I suspect that it is, much like picking up SQLisms - there are many things
you'd do in SQL[0], such as SELECT AVERAGE(x>3) FROM T instead of SELECT
(SELECT COUNT( _) WHERE x >3 FROM T) / (SELECT COUNT(_) FROM T) FROM DUAL, the
latter would be a result of translating Javaism to SQL (though, that is still
more SQLish than iterating through a cursor, which would ACTUALLY be
equivalent to doing it in Java with a for loop)

The APLisms that I've picked, and carried to other languages (which makes my
programs usually much shorter and faster, though less idiomatic) are:

1) Process things in stages - which processing a list, instead of trying to
process each element from beginning to end, try to do one stage on each
element of the list, and only then go to the next stage; This often requires
rethinking e.g. error handling, but on the other hand, stages tend to become
generic, commutable, cachable, etc.

2) not independently, grouping is an important stage: having a stage that
(solely) decides which element needs to be processed as a part of which group,
and label it accordingly - that allows the next stages to run on different
groups in parallel, for example, and otherwise tends to make resource use much
better and deterministic.

3) not independently, almost everything can be processed using linear memory
access patterns almost exclusively.

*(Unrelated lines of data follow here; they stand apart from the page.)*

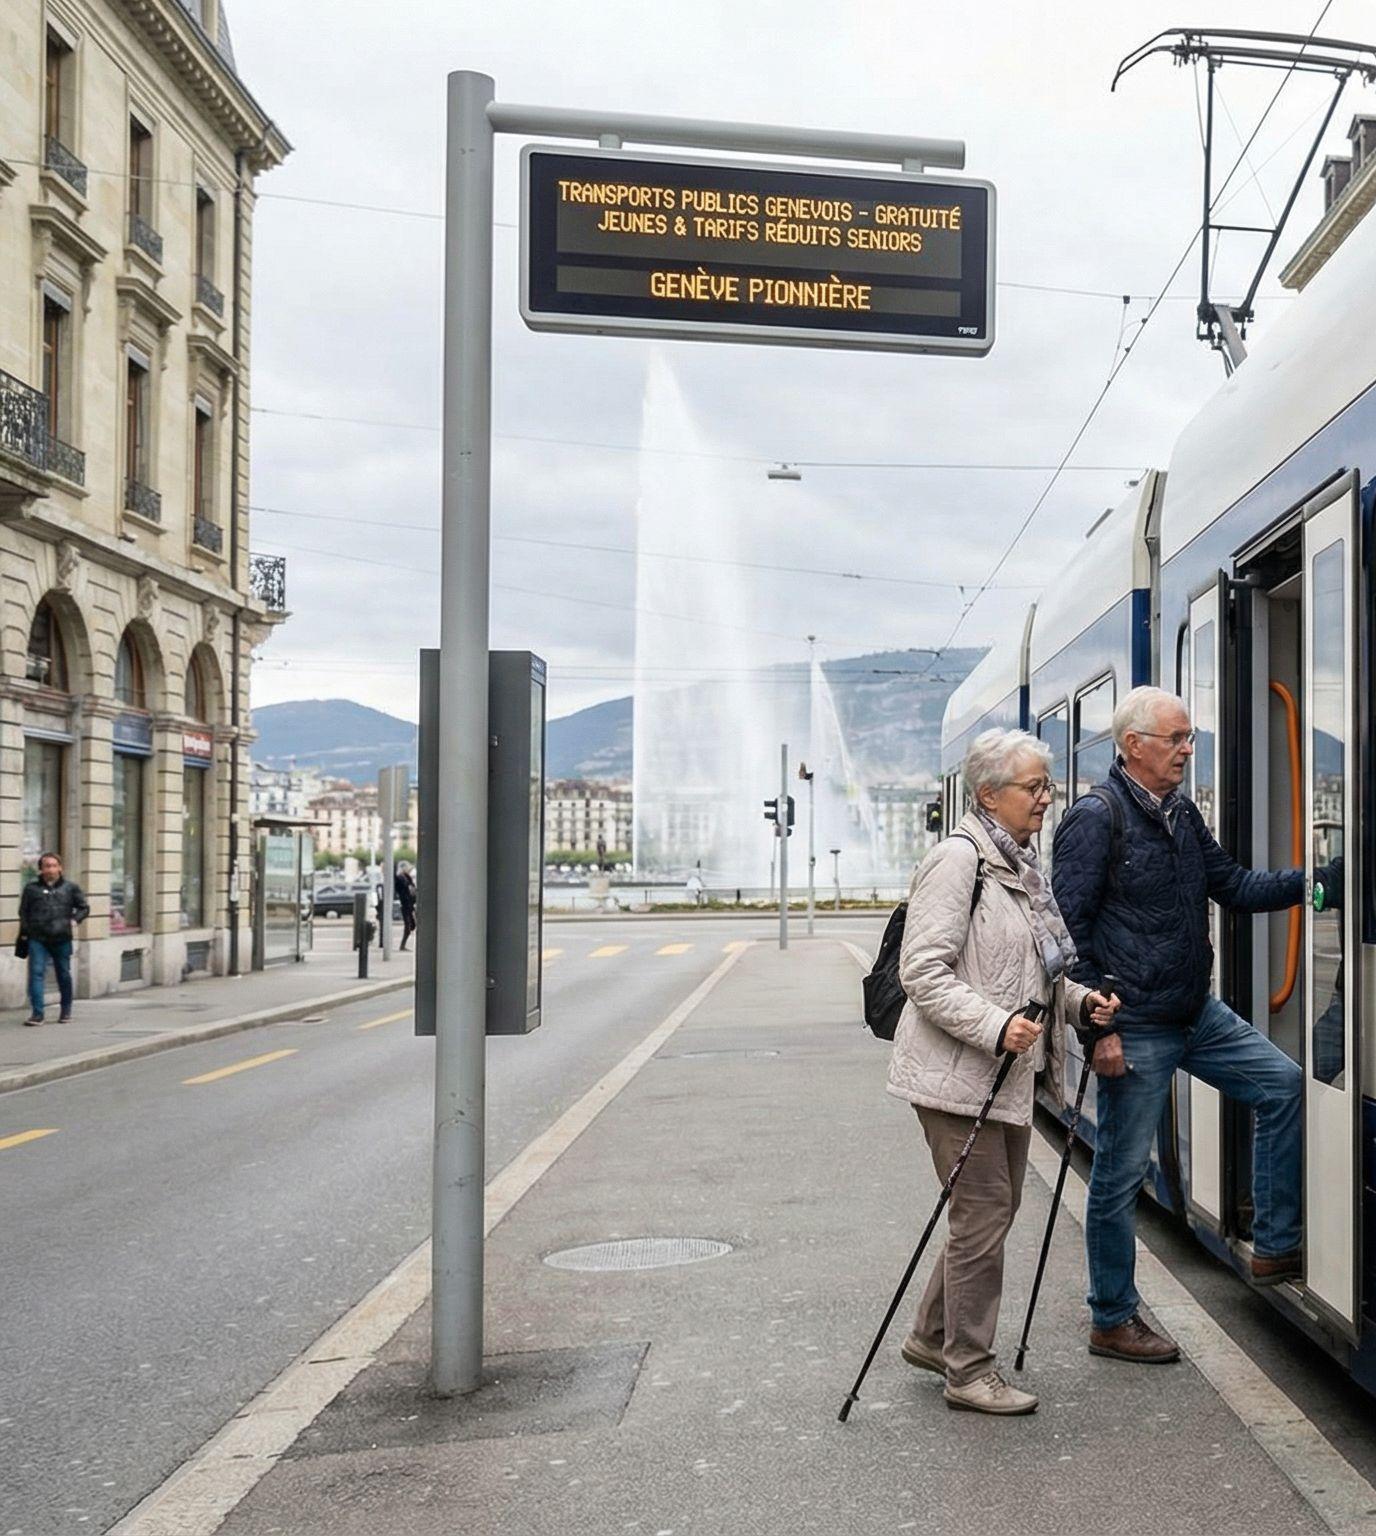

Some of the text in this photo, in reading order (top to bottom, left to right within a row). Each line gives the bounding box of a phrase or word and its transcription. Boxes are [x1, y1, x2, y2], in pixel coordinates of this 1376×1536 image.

[559, 180, 676, 210] TRANSPORTS
[681, 189, 759, 216] PUBLICS
[765, 197, 853, 222] GENEVOIS
[875, 205, 961, 230] GRATUITÉ
[598, 210, 922, 252] JEUNES & TARIFS RÉDUITS SENIORS
[650, 267, 872, 310] GENÈVE PIONNIÈRE
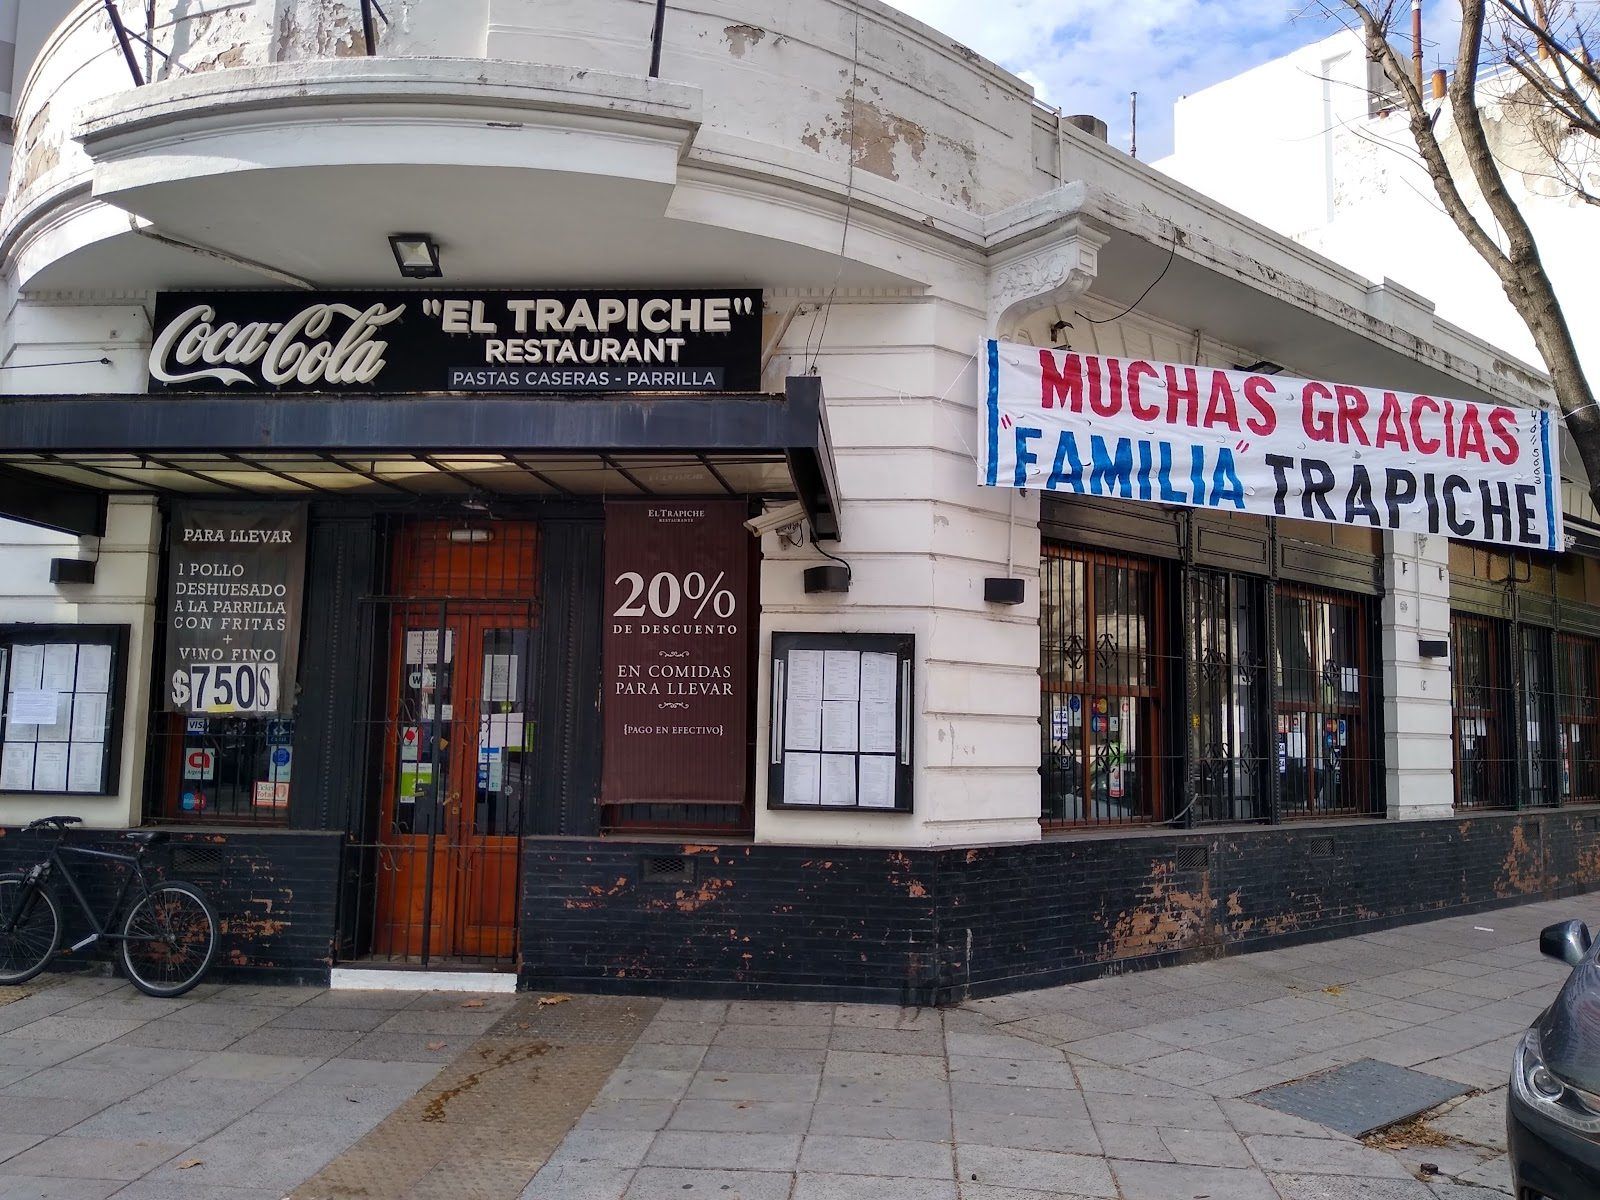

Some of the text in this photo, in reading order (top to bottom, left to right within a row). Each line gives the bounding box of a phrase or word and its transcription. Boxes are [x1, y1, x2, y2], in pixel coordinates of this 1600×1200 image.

[422, 297, 754, 335] "EL TRAPICHE"
[148, 303, 406, 387] Coca-Cola
[484, 338, 685, 364] RESTAURANT
[453, 371, 519, 386] PASTAS
[525, 371, 611, 387] CASERAS
[627, 371, 716, 387] PARRILLA
[1039, 349, 1521, 466] MUCHAS GRACIAS
[1265, 452, 1543, 544] TRAPICHE
[183, 528, 292, 543] PARA LLEVAR
[179, 563, 244, 576] 1 POLLO
[176, 582, 286, 597] DESHUESADO
[612, 571, 736, 619] 20%
[175, 600, 286, 614] A LA PARRILLA
[174, 617, 286, 631] CON FRITAS
[613, 625, 737, 635] DE DESCUENTO
[179, 648, 276, 661] VINO FINO
[618, 665, 731, 678] EN COMIDAS
[616, 683, 734, 695] PARA LLEVAR
[656, 726, 669, 734] EN

Gather/scatter is often needed, but can be
put in well defined points and optimized accordingly (that's probably the main
K speed engine - L1 dominates much better than in most languages, because
everything tends to be sequential, and even gather/scatter are delimited
enough to often prefetch)

I suspect the only way to learn it is to do it.

[0] In this case, the Javaism may be significantly more efficient if the
optimizer is stupid and x has an order-capable index; but the idiomtic shorter
SQL is the first one, and in most cases the added conditions and real
computation make the Javaistic SQL less efficient.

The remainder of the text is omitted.